▶ [Task directions]: Print the records below exactly as they appear. Omit all pictures.

[[ Records shown, beginning ]]

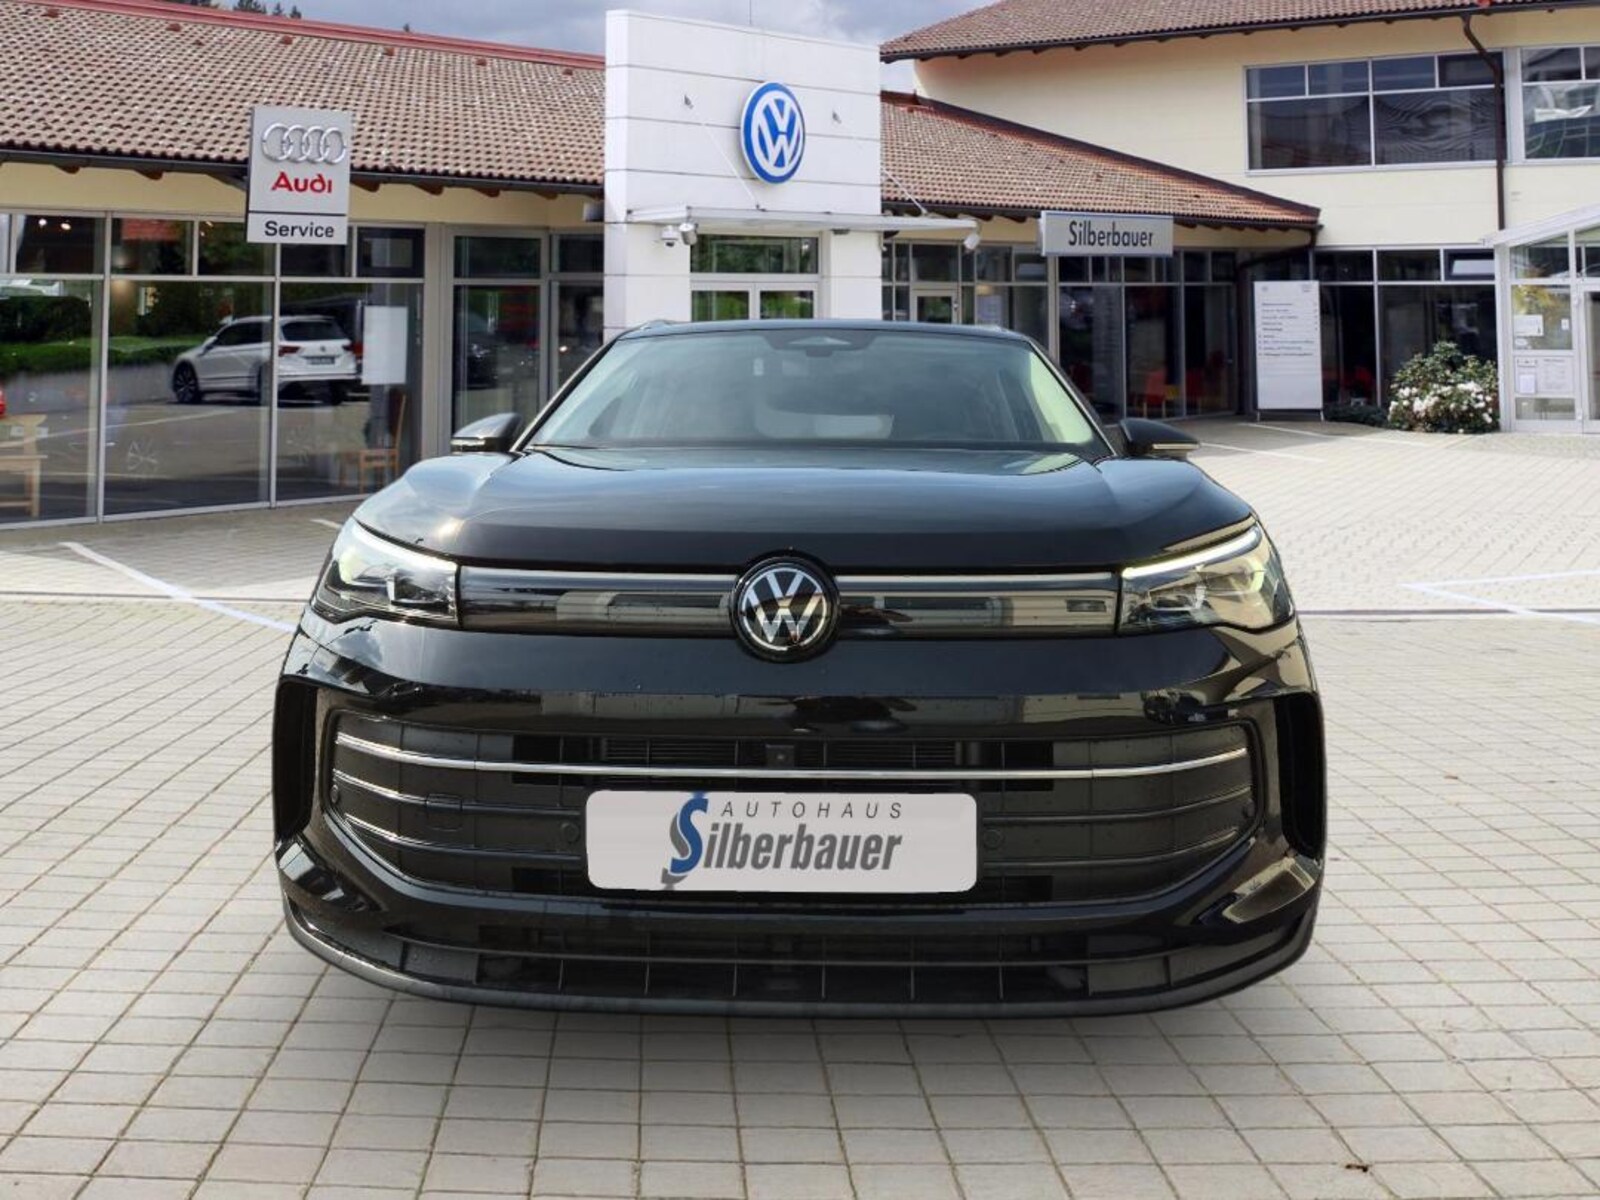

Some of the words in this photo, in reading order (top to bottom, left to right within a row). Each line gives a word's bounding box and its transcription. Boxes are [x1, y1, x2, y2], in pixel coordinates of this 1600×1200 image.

[271, 171, 332, 193] Audi
[264, 220, 335, 238] Service
[1068, 220, 1154, 247] Silberbauer
[720, 801, 903, 819] AUTOHAUS
[664, 793, 903, 877] Silberbauer
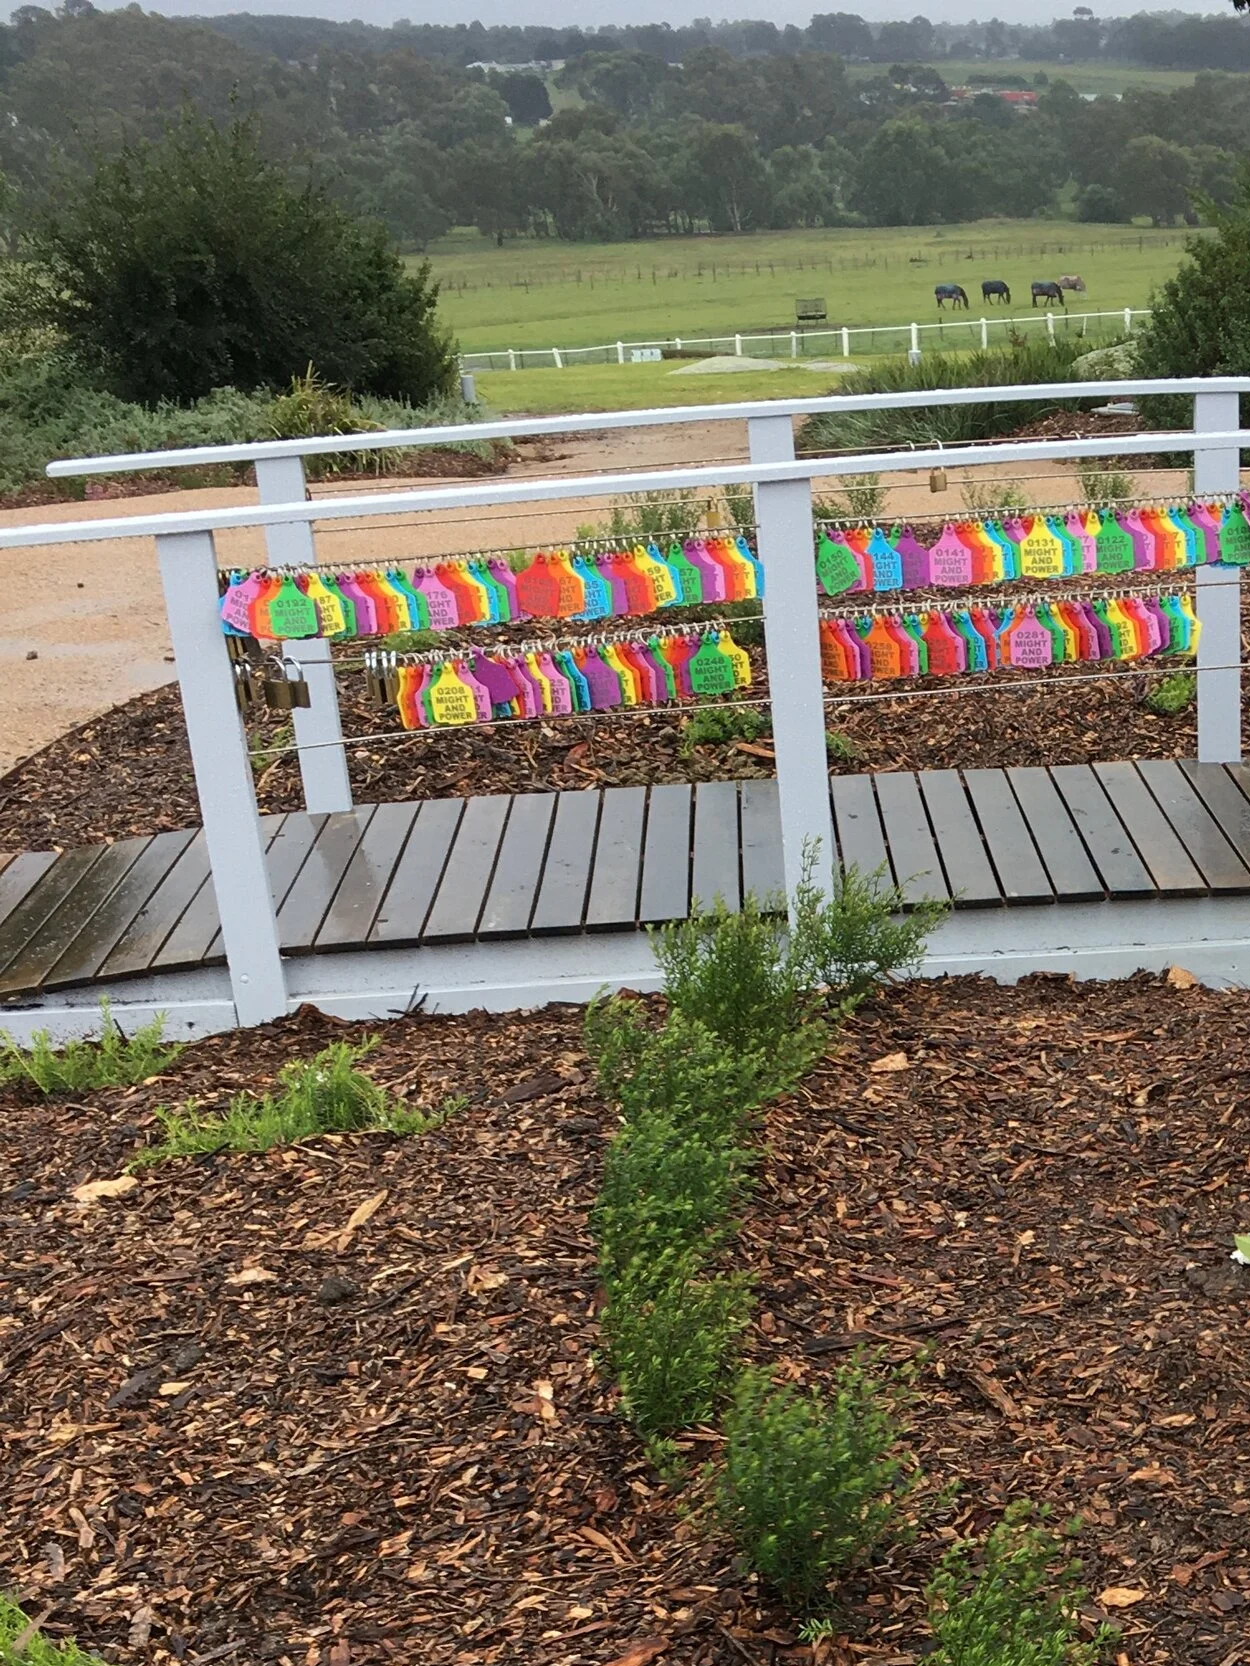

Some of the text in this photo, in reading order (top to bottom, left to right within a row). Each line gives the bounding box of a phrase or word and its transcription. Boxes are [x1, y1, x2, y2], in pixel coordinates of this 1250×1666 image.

[1024, 548, 1058, 556] MIGHT
[934, 558, 967, 566] MIGHT
[941, 566, 962, 574] AND
[1015, 640, 1047, 648] MIGHT
[1021, 648, 1042, 656] AND
[695, 666, 727, 674] MIGHT
[703, 674, 724, 682] AND
[697, 682, 730, 690] POWER
[445, 704, 465, 712] AND
[439, 712, 472, 720] POWER
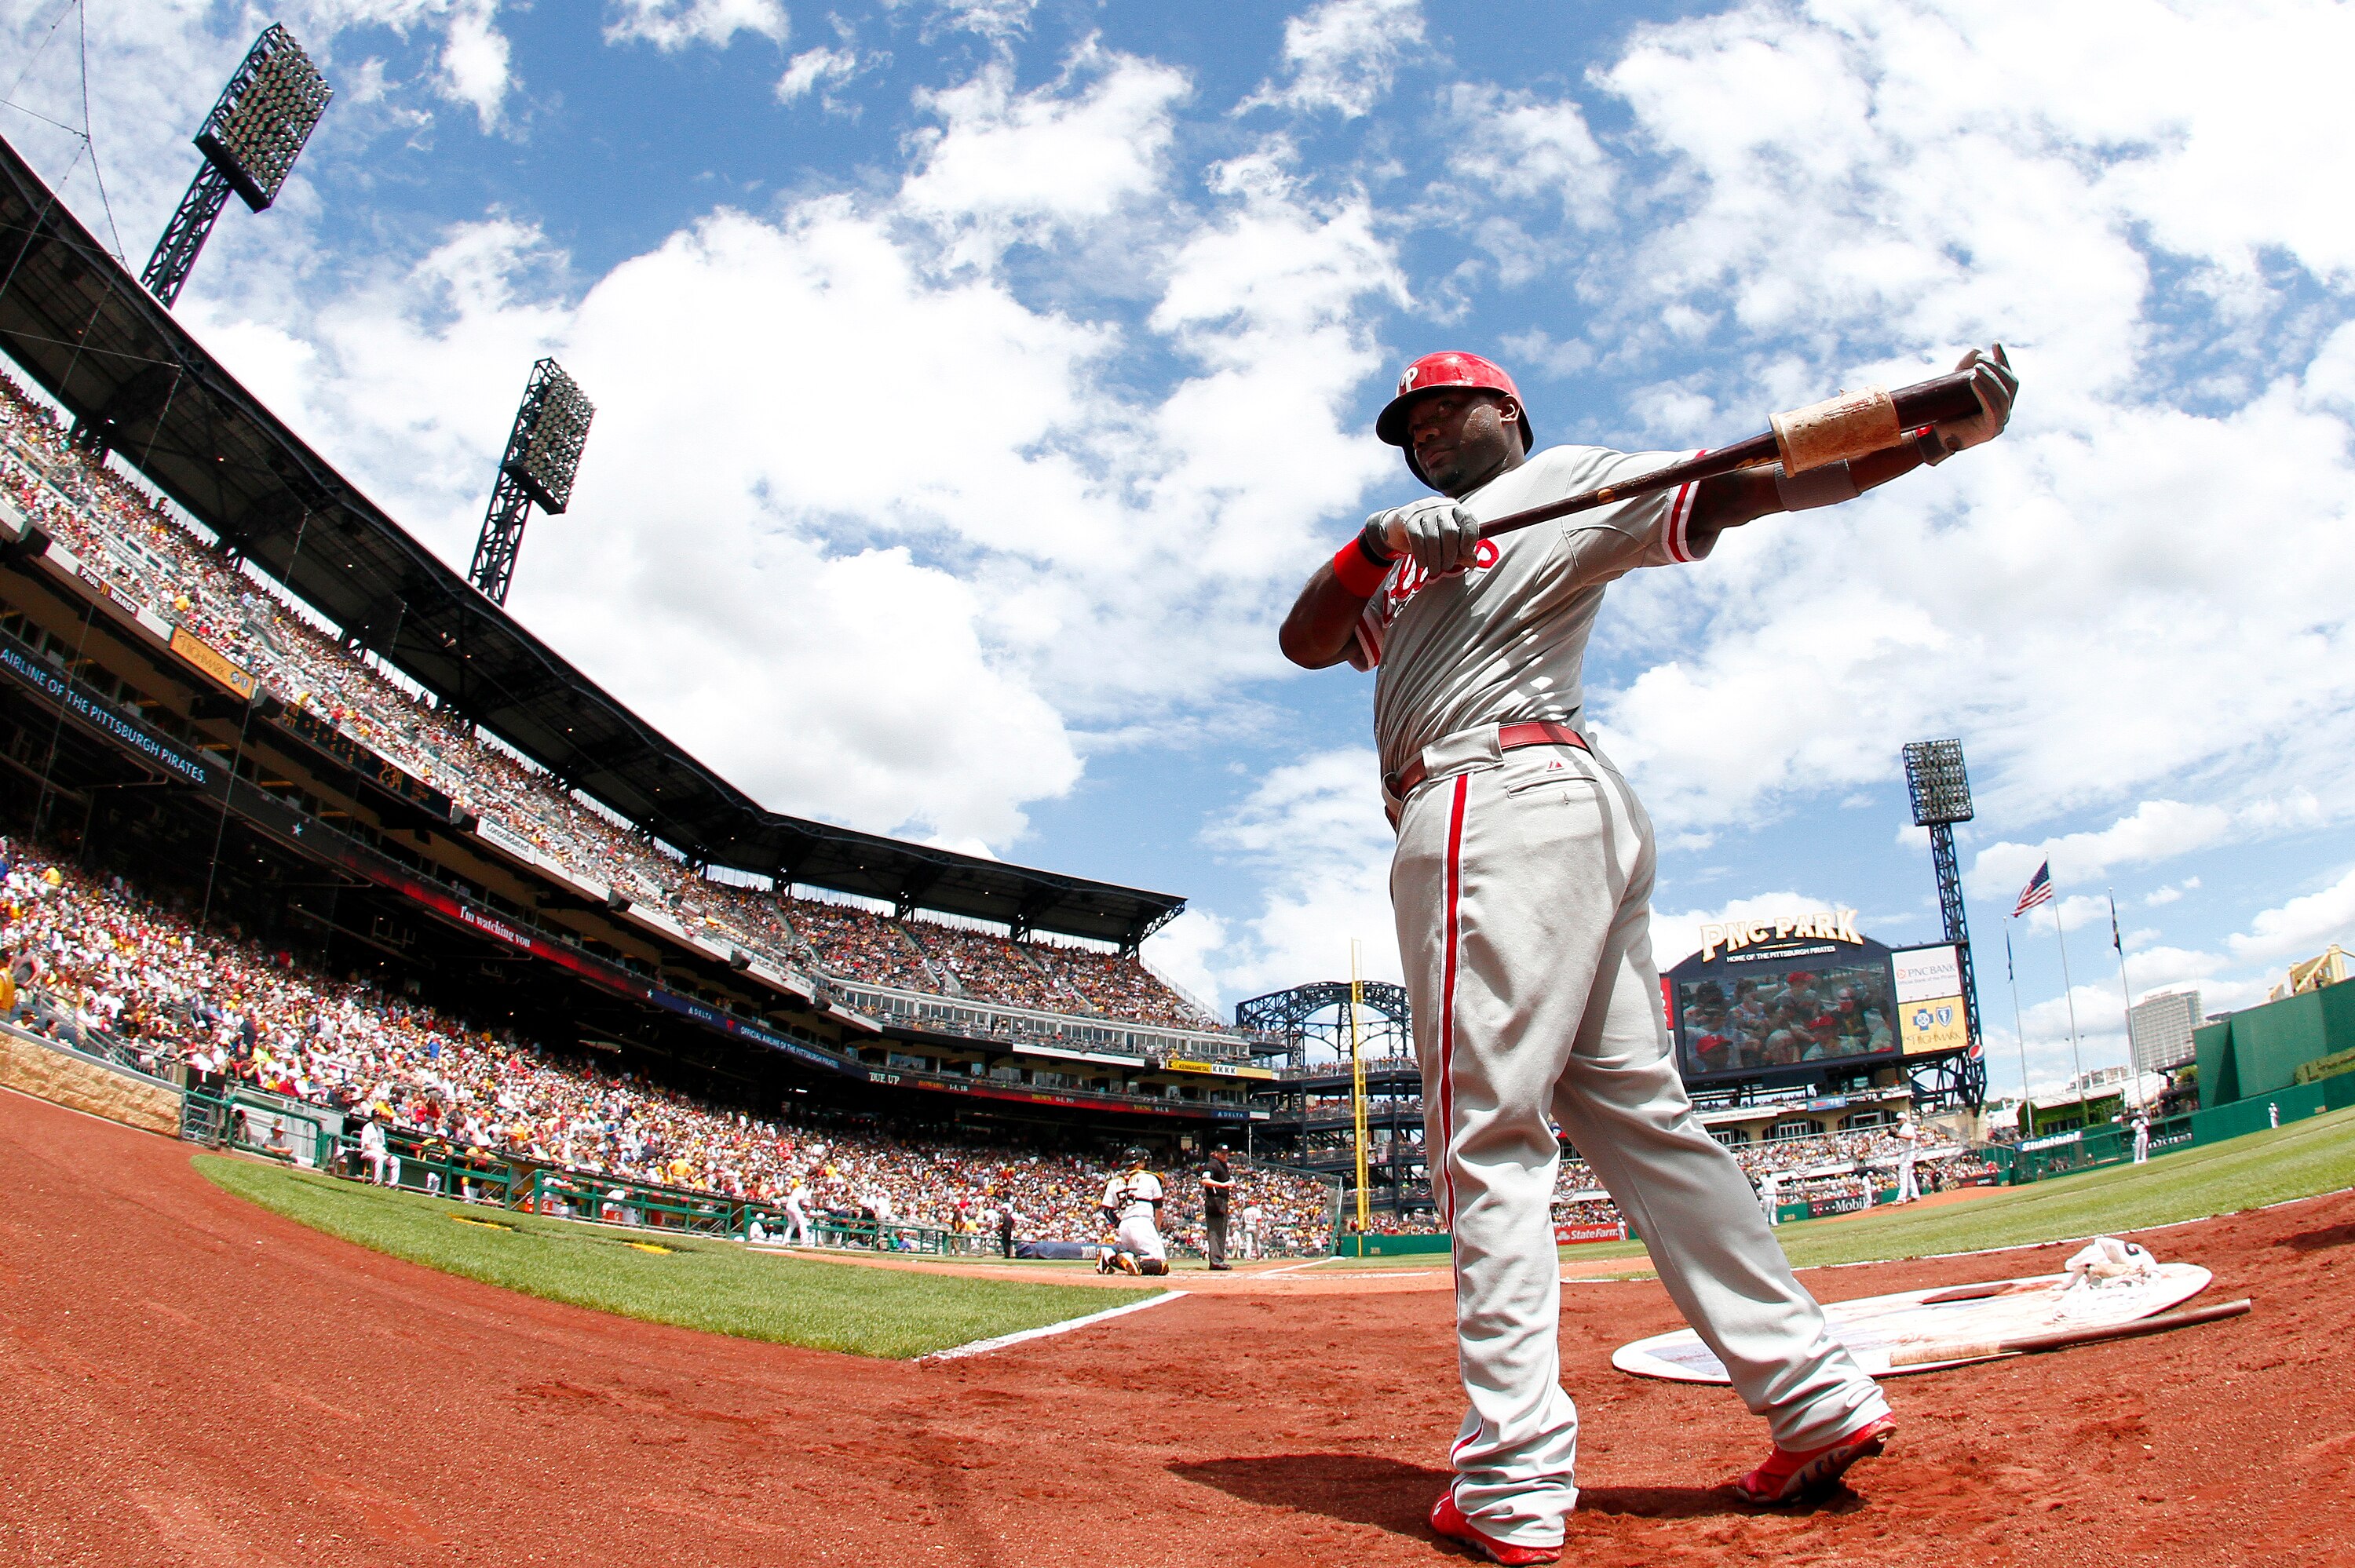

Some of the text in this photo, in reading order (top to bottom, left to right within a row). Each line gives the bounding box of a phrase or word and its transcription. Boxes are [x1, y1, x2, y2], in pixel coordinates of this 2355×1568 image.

[[ Records shown, end ]]

▶ [Result of the task]:
Some of the words in this photo, in reading order (top to bottom, left to right within a row). Each line gives a word's bounding box and its transcription. Boxes are [x1, y1, x2, y2], in pixel coordinates of this 1600×1200 image.

[271, 171, 332, 193] Audi
[264, 220, 335, 238] Service
[1068, 220, 1154, 247] Silberbauer
[720, 801, 903, 819] AUTOHAUS
[664, 793, 903, 877] Silberbauer

Some of the text in this photo, in reading order (top to bottom, left to right within a row). Each line gives the bounding box of a phrase or word and its transcription. Boxes are [x1, y1, x2, y2], in pixel coordinates of this 1250×1666 image.

[1024, 548, 1058, 556] MIGHT
[934, 558, 967, 566] MIGHT
[941, 566, 962, 574] AND
[1015, 640, 1047, 648] MIGHT
[1021, 648, 1042, 656] AND
[695, 666, 727, 674] MIGHT
[703, 674, 724, 682] AND
[697, 682, 730, 690] POWER
[445, 704, 465, 712] AND
[439, 712, 472, 720] POWER

Some of the text in this photo, in reading order (top to bottom, left to right within a row). Each line gives the bounding box of a phrase or word and its transcription. Boxes are [x1, y1, x2, y2], in pixel coordinates of this 2355×1568 image.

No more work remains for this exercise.